The Japanese branch of Mozilla’s Support Mozilla (SUMO) community—responsible for localizing and maintaining Japanese-language support documentation for Firefox and other Mozilla products (consisting of Japanese native speakers)—has officially disbanded after more than two decades of voluntary work.
The decision, announced yesterday, marks the end of one of Mozilla’s oldest and most dedicated localization groups.
SUMO, short for Support Mozilla, is the umbrella project for Mozilla’s user support platform, support.mozilla.org, that brings together volunteers and contributors worldwide who translate, maintain, and update documentation, tutorials, and troubleshooting guides for Firefox, Thunderbird, and other Mozilla products.
Each language community—such as Japanese, French, or Spanish—manages its own localized content to ensure users receive accurate and culturally appropriate information.
The Japanese SUMO community, which was active before support.mozilla.org even existed, was among the first to establish an organized effort for translating and maintaining Mozilla’s support materials.

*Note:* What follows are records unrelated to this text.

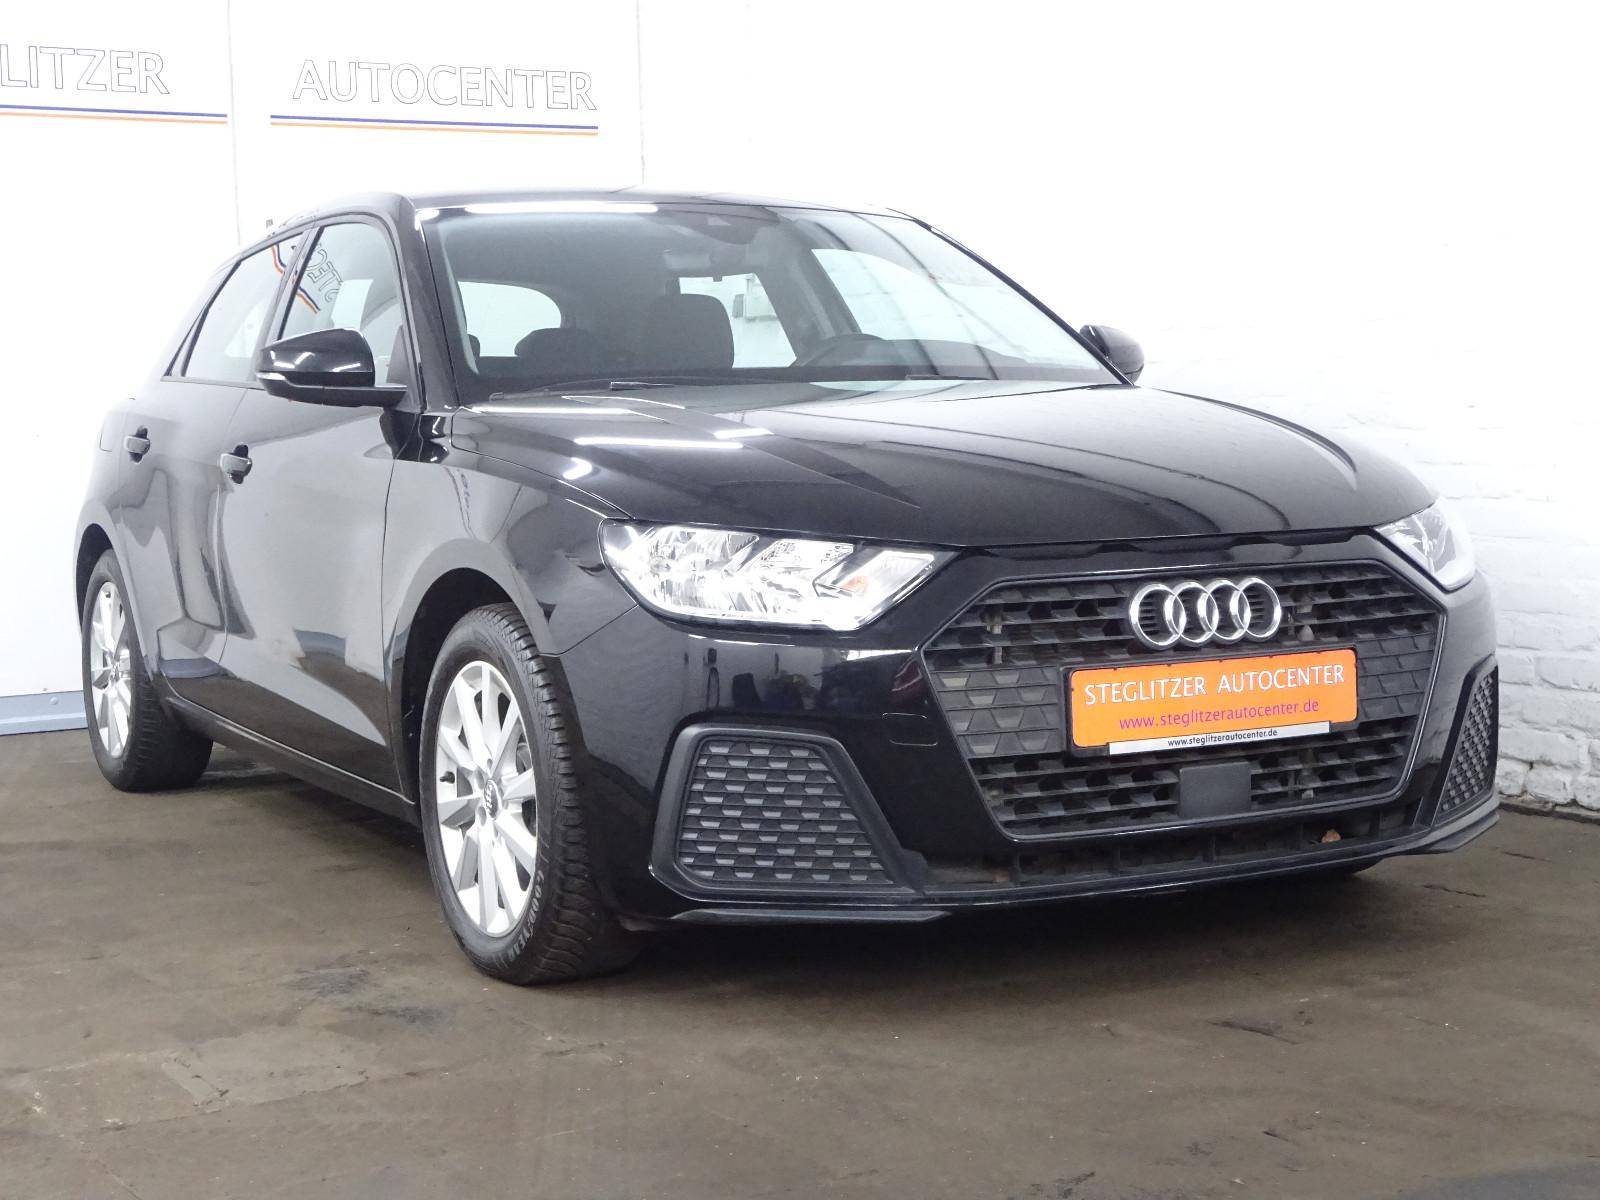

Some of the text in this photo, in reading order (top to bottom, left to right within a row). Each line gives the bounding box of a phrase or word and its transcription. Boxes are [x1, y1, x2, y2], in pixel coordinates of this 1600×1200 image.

[292, 59, 598, 111] AUTOCENTER
[1084, 664, 1345, 706] STEGLITZER AUTOCENTER
[1119, 698, 1319, 730] www.steglitzerautocenter.de
[1167, 728, 1278, 747] www.steglitzerautocenter.de
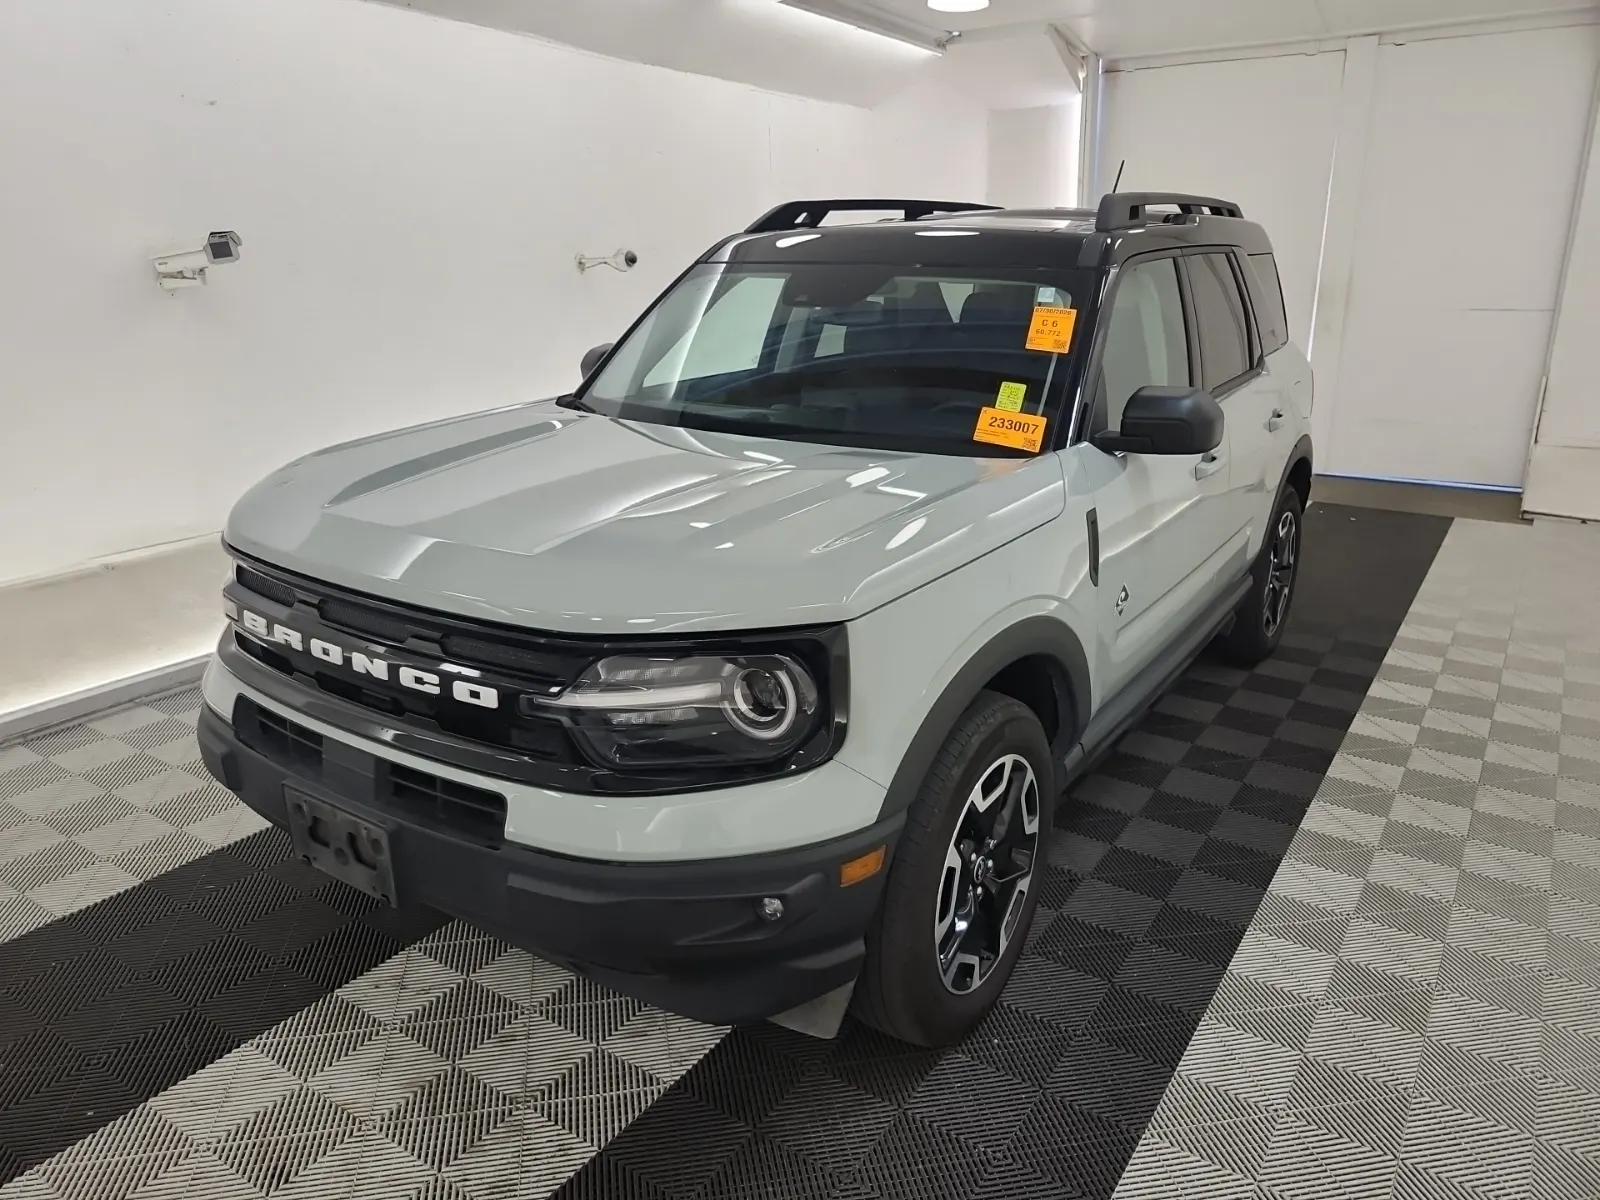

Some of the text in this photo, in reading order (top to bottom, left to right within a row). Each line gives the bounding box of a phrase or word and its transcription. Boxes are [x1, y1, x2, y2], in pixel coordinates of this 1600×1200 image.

[1052, 320, 1058, 328] 6
[988, 416, 1039, 435] 233007
[243, 609, 499, 709] BRONCO

For many years, it played a vital role in helping Japanese-speaking users troubleshoot browser issues and understand new features. But no more.

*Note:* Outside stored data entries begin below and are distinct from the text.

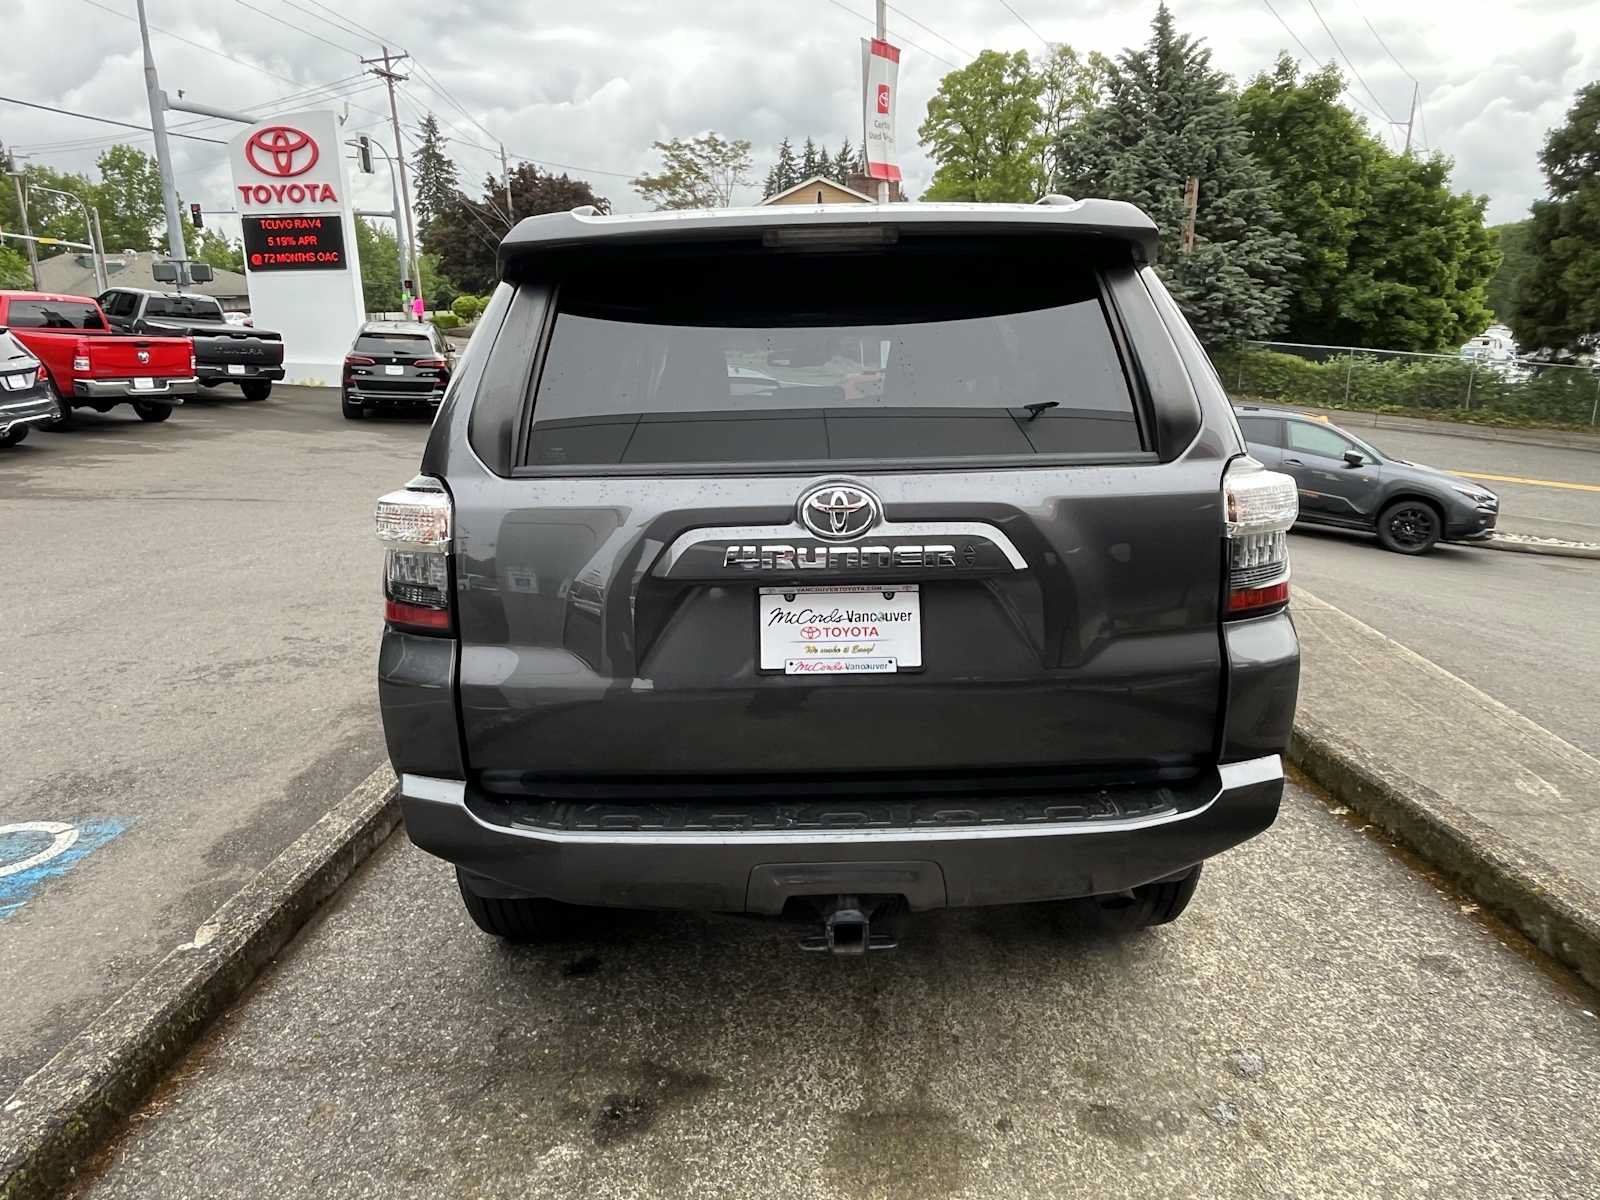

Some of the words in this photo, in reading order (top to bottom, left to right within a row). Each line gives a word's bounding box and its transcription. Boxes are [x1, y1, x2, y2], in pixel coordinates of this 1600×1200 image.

[238, 183, 338, 205] TOYOTA
[260, 219, 293, 230] TCUVG
[294, 218, 322, 229] RAV4
[297, 235, 318, 246] APR
[264, 253, 276, 264] 72
[276, 252, 316, 263] MONTHS
[316, 251, 339, 262] OAC
[723, 545, 956, 569] 4RUNNER
[768, 607, 846, 627] McCords
[846, 609, 913, 624] Vancouver
[822, 626, 880, 638] TOYOTA
[793, 660, 845, 673] McCords
[845, 662, 888, 671] Vancouver

According to marsf, the long-time locale leader of the Japanese SUMO team, the decision to disband was triggered by the recent introduction of an automated translation system known as Sumobot. Deployed on October 22, the bot began editing and approving Japanese Knowledge Base articles without community oversight.
In a message posted to the SUMO discussion forum, marsf explained that Sumobot’s behavior was unacceptable for several reasons:
- It disregarded Japanese translation guidelines, resulting in literal and sometimes inaccurate text.
- It overrode existing localizations, effectively erasing community-approved work.
- It automatically approved machine-translated content for all archived articles within 72 hours, removing the review window for human contributors.
- It operated without consultation, control, or communication with the Japanese community.
As a result, more than 300 Knowledge Base articles were overwritten on the production server—without testing or prior staging. Marsf described the incident as “mass destruction of our work and an explicit violation of the Mozilla mission, allowed officially.”
In his public statement, marsf declared his resignation from all SUMO activities, stating:
“I quit contributing to support.mozilla.org. I prohibit using all my translations as learning data for SUMO bot and AIs. I request the removal of my translations from SUMO’s AI datasets.”
He further noted that while individual Japanese contributors may choose to continue their work, the collective SUMO Japanese community, as an organized body, is now dissolved.
As of now, Mozilla has not issued an official statement regarding the Japanese team’s departure or the future of SUMO’s AI translation initiatives.
Update: Mozilla reached out to us about the case with an official statement. Here it is:
At Mozilla, we continually strive to make our support content more accessible to people worldwide. In August, we introduced machine translation on Mozilla Support (SUMO) to help keep Knowledge Base articles up to date across 91 global locales. Until now, translations have been done entirely by volunteers; however, many articles have remained untranslated because manual localization is time-consuming.
These changes were designed to deliver additional translation support to our community and provide even more articles in local languages. Machine translation helps fill in the gaps, while contributors continue to review, edit, and approve translations to ensure quality and cultural accuracy. We introduced the change by sharing the update publicly, holding a call with the contributor community, and notifying each locale in advance of activation.
We will continue to support all Mozilla users on SUMO, including those in Japan, and will collaborate with our community contributors to ensure that support content is accurate and timely.

Google, microsoft and meta and others have replaced many of there employees with ai. I doubt that mozilla even cares that they are gone.
most people do not even read the support material they just install and adjust settings and maybe install a extension or 2. I have never read the support material. Most people have been using browsers and email for most of there life’s and have no problem figuring most things out. I’m guessing the support material will be good enough and small adjustments can be made where needed anyways. Even human written material has to be corrected and this material can be updated just like any other and most likely will be and require a lot less people now maybe even a single person who could be payed if people stopped doing it for free.
My transitioning to LibreWolf over Mozilla’s C-Suite shenanigans like this deliberate, community-destroying, shitshow, becomes more and more justified.